RECORDS PROVIDED |
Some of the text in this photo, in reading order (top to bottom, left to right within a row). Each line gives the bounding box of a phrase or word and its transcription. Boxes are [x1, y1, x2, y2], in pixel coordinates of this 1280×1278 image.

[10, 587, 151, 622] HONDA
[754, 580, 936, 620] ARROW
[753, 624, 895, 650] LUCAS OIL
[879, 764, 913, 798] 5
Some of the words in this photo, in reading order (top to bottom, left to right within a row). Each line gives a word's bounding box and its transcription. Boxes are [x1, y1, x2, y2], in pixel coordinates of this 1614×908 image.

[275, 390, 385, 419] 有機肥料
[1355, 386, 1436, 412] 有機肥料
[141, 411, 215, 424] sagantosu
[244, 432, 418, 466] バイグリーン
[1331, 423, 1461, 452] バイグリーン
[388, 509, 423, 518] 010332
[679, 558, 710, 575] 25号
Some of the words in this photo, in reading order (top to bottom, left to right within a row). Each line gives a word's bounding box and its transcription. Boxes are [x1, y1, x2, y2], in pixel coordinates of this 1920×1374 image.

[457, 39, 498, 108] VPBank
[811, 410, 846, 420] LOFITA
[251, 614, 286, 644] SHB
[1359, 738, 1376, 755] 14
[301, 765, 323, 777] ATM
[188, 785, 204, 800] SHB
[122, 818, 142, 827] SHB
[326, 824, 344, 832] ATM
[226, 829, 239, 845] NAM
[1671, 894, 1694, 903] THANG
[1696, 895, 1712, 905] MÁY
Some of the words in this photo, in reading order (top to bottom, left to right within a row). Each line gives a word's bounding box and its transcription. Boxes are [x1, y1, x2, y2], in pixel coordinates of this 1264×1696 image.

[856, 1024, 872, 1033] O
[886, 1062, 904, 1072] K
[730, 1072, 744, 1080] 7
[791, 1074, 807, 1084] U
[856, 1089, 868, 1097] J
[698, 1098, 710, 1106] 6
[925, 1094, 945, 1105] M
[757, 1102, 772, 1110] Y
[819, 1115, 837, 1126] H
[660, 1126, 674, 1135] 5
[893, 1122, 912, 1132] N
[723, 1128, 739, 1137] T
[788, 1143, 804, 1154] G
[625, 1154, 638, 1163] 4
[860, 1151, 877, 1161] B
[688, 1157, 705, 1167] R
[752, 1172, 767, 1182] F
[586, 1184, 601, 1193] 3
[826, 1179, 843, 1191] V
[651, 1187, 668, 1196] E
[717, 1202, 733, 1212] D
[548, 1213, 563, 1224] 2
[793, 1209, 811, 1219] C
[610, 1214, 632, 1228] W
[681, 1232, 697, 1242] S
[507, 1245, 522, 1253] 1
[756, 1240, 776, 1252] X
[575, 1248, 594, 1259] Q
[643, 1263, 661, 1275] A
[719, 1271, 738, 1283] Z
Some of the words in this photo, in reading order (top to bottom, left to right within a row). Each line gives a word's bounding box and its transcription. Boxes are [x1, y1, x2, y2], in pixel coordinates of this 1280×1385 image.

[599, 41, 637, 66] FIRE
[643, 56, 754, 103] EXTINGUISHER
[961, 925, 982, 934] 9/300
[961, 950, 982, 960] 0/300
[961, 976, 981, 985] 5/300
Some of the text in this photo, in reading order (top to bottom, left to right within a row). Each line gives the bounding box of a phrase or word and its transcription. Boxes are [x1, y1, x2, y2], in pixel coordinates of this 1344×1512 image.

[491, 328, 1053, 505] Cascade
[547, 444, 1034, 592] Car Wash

TASK |
In full and without change, transcribe every line of the records above.

RESPONSE BELOW |
Some of the text in this photo, in reading order (top to bottom, left to right within a row). Each line gives the bounding box of a phrase or word and its transcription. Boxes are [x1, y1, x2, y2], in pixel coordinates of this 1280×1278 image.

[10, 587, 151, 622] HONDA
[754, 580, 936, 620] ARROW
[753, 624, 895, 650] LUCAS OIL
[879, 764, 913, 798] 5
Some of the words in this photo, in reading order (top to bottom, left to right within a row). Each line gives a word's bounding box and its transcription. Boxes are [x1, y1, x2, y2], in pixel coordinates of this 1614×908 image.

[275, 390, 385, 419] 有機肥料
[1355, 386, 1436, 412] 有機肥料
[141, 411, 215, 424] sagantosu
[244, 432, 418, 466] バイグリーン
[1331, 423, 1461, 452] バイグリーン
[388, 509, 423, 518] 010332
[679, 558, 710, 575] 25号
Some of the words in this photo, in reading order (top to bottom, left to right within a row). Each line gives a word's bounding box and its transcription. Boxes are [x1, y1, x2, y2], in pixel coordinates of this 1920×1374 image.

[457, 39, 498, 108] VPBank
[811, 410, 846, 420] LOFITA
[251, 614, 286, 644] SHB
[1359, 738, 1376, 755] 14
[301, 765, 323, 777] ATM
[188, 785, 204, 800] SHB
[122, 818, 142, 827] SHB
[326, 824, 344, 832] ATM
[226, 829, 239, 845] NAM
[1671, 894, 1694, 903] THANG
[1696, 895, 1712, 905] MÁY
Some of the words in this photo, in reading order (top to bottom, left to right within a row). Each line gives a word's bounding box and its transcription. Boxes are [x1, y1, x2, y2], in pixel coordinates of this 1264×1696 image.

[856, 1024, 872, 1033] O
[886, 1062, 904, 1072] K
[730, 1072, 744, 1080] 7
[791, 1074, 807, 1084] U
[856, 1089, 868, 1097] J
[698, 1098, 710, 1106] 6
[925, 1094, 945, 1105] M
[757, 1102, 772, 1110] Y
[819, 1115, 837, 1126] H
[660, 1126, 674, 1135] 5
[893, 1122, 912, 1132] N
[723, 1128, 739, 1137] T
[788, 1143, 804, 1154] G
[625, 1154, 638, 1163] 4
[860, 1151, 877, 1161] B
[688, 1157, 705, 1167] R
[752, 1172, 767, 1182] F
[586, 1184, 601, 1193] 3
[826, 1179, 843, 1191] V
[651, 1187, 668, 1196] E
[717, 1202, 733, 1212] D
[548, 1213, 563, 1224] 2
[793, 1209, 811, 1219] C
[610, 1214, 632, 1228] W
[681, 1232, 697, 1242] S
[507, 1245, 522, 1253] 1
[756, 1240, 776, 1252] X
[575, 1248, 594, 1259] Q
[643, 1263, 661, 1275] A
[719, 1271, 738, 1283] Z
Some of the words in this photo, in reading order (top to bottom, left to right within a row). Each line gives a word's bounding box and its transcription. Boxes are [x1, y1, x2, y2], in pixel coordinates of this 1280×1385 image.

[599, 41, 637, 66] FIRE
[643, 56, 754, 103] EXTINGUISHER
[961, 925, 982, 934] 9/300
[961, 950, 982, 960] 0/300
[961, 976, 981, 985] 5/300
Some of the text in this photo, in reading order (top to bottom, left to right within a row). Each line gives the bounding box of a phrase or word and its transcription. Boxes are [x1, y1, x2, y2], in pixel coordinates of this 1344×1512 image.

[491, 328, 1053, 505] Cascade
[547, 444, 1034, 592] Car Wash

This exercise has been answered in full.